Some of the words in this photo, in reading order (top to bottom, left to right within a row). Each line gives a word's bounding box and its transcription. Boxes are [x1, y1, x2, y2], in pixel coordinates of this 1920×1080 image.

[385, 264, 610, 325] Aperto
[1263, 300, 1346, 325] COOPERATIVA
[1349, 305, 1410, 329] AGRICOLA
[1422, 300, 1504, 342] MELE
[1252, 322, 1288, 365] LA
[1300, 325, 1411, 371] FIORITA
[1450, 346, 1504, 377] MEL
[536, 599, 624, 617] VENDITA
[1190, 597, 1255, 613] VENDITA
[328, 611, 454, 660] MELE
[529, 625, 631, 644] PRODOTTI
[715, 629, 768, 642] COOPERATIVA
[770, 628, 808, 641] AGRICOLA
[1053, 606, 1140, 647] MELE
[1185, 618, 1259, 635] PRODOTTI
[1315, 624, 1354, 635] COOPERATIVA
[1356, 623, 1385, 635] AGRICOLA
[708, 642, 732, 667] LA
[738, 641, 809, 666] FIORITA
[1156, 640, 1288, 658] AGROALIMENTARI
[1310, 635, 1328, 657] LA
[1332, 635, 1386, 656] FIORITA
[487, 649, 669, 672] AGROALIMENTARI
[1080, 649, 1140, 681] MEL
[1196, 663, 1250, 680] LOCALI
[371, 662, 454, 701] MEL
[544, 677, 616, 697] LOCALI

__What this task involves__
Word for word, set down all of the records above.

__Exercise answer__
Some of the words in this photo, in reading order (top to bottom, left to right within a row). Each line gives a word's bounding box and its transcription. Boxes are [x1, y1, x2, y2], in pixel coordinates of this 1920×1080 image.

[385, 264, 610, 325] Aperto
[1263, 300, 1346, 325] COOPERATIVA
[1349, 305, 1410, 329] AGRICOLA
[1422, 300, 1504, 342] MELE
[1252, 322, 1288, 365] LA
[1300, 325, 1411, 371] FIORITA
[1450, 346, 1504, 377] MEL
[536, 599, 624, 617] VENDITA
[1190, 597, 1255, 613] VENDITA
[328, 611, 454, 660] MELE
[529, 625, 631, 644] PRODOTTI
[715, 629, 768, 642] COOPERATIVA
[770, 628, 808, 641] AGRICOLA
[1053, 606, 1140, 647] MELE
[1185, 618, 1259, 635] PRODOTTI
[1315, 624, 1354, 635] COOPERATIVA
[1356, 623, 1385, 635] AGRICOLA
[708, 642, 732, 667] LA
[738, 641, 809, 666] FIORITA
[1156, 640, 1288, 658] AGROALIMENTARI
[1310, 635, 1328, 657] LA
[1332, 635, 1386, 656] FIORITA
[487, 649, 669, 672] AGROALIMENTARI
[1080, 649, 1140, 681] MEL
[1196, 663, 1250, 680] LOCALI
[371, 662, 454, 701] MEL
[544, 677, 616, 697] LOCALI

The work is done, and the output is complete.